*Exercise goal*
Print, exactly and completely, every entry in the data.

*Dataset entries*
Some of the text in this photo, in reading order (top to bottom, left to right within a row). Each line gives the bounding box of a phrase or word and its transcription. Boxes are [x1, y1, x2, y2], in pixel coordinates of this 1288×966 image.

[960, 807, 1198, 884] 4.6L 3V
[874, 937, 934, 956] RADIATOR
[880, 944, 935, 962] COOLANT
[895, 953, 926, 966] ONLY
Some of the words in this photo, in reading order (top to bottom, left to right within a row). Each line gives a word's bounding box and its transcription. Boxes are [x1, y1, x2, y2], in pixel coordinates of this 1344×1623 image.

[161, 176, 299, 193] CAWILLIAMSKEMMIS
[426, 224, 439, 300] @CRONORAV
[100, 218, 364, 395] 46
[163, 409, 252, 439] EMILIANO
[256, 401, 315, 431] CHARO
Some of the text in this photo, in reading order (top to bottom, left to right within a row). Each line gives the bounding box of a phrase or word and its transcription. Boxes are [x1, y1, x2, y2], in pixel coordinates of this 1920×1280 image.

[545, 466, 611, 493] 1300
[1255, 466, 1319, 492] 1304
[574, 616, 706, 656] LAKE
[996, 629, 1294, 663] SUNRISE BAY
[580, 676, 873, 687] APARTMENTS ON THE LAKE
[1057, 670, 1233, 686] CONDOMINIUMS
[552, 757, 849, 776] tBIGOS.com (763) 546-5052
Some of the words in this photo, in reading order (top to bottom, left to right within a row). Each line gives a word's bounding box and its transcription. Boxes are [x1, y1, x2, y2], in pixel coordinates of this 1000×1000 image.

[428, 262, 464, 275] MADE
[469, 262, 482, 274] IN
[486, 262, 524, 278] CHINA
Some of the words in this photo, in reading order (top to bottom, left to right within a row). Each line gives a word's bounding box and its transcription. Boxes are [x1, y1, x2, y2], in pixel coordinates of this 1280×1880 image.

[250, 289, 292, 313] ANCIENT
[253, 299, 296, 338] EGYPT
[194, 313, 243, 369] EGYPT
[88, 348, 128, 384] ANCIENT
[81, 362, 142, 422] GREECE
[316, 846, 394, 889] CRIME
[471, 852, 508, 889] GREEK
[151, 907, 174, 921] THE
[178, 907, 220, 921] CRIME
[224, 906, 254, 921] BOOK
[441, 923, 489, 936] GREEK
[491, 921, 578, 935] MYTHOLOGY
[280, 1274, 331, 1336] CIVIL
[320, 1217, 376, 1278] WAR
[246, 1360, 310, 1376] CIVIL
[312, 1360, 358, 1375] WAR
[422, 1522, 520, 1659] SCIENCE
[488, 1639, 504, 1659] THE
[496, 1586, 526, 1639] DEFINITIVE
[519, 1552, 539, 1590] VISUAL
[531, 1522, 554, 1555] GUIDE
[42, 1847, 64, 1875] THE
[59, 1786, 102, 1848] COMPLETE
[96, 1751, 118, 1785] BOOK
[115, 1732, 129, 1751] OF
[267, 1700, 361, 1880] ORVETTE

*Answer for the task*
Some of the text in this photo, in reading order (top to bottom, left to right within a row). Each line gives the bounding box of a phrase or word and its transcription. Boxes are [x1, y1, x2, y2], in pixel coordinates of this 1288×966 image.

[960, 807, 1198, 884] 4.6L 3V
[874, 937, 934, 956] RADIATOR
[880, 944, 935, 962] COOLANT
[895, 953, 926, 966] ONLY
Some of the words in this photo, in reading order (top to bottom, left to right within a row). Each line gives a word's bounding box and its transcription. Boxes are [x1, y1, x2, y2], in pixel coordinates of this 1344×1623 image.

[161, 176, 299, 193] CAWILLIAMSKEMMIS
[426, 224, 439, 300] @CRONORAV
[100, 218, 364, 395] 46
[163, 409, 252, 439] EMILIANO
[256, 401, 315, 431] CHARO
Some of the text in this photo, in reading order (top to bottom, left to right within a row). Each line gives the bounding box of a phrase or word and its transcription. Boxes are [x1, y1, x2, y2], in pixel coordinates of this 1920×1280 image.

[545, 466, 611, 493] 1300
[1255, 466, 1319, 492] 1304
[574, 616, 706, 656] LAKE
[996, 629, 1294, 663] SUNRISE BAY
[580, 676, 873, 687] APARTMENTS ON THE LAKE
[1057, 670, 1233, 686] CONDOMINIUMS
[552, 757, 849, 776] tBIGOS.com (763) 546-5052
Some of the words in this photo, in reading order (top to bottom, left to right within a row). Each line gives a word's bounding box and its transcription. Boxes are [x1, y1, x2, y2], in pixel coordinates of this 1000×1000 image.

[428, 262, 464, 275] MADE
[469, 262, 482, 274] IN
[486, 262, 524, 278] CHINA
Some of the words in this photo, in reading order (top to bottom, left to right within a row). Each line gives a word's bounding box and its transcription. Boxes are [x1, y1, x2, y2], in pixel coordinates of this 1280×1880 image.

[250, 289, 292, 313] ANCIENT
[253, 299, 296, 338] EGYPT
[194, 313, 243, 369] EGYPT
[88, 348, 128, 384] ANCIENT
[81, 362, 142, 422] GREECE
[316, 846, 394, 889] CRIME
[471, 852, 508, 889] GREEK
[151, 907, 174, 921] THE
[178, 907, 220, 921] CRIME
[224, 906, 254, 921] BOOK
[441, 923, 489, 936] GREEK
[491, 921, 578, 935] MYTHOLOGY
[280, 1274, 331, 1336] CIVIL
[320, 1217, 376, 1278] WAR
[246, 1360, 310, 1376] CIVIL
[312, 1360, 358, 1375] WAR
[422, 1522, 520, 1659] SCIENCE
[488, 1639, 504, 1659] THE
[496, 1586, 526, 1639] DEFINITIVE
[519, 1552, 539, 1590] VISUAL
[531, 1522, 554, 1555] GUIDE
[42, 1847, 64, 1875] THE
[59, 1786, 102, 1848] COMPLETE
[96, 1751, 118, 1785] BOOK
[115, 1732, 129, 1751] OF
[267, 1700, 361, 1880] ORVETTE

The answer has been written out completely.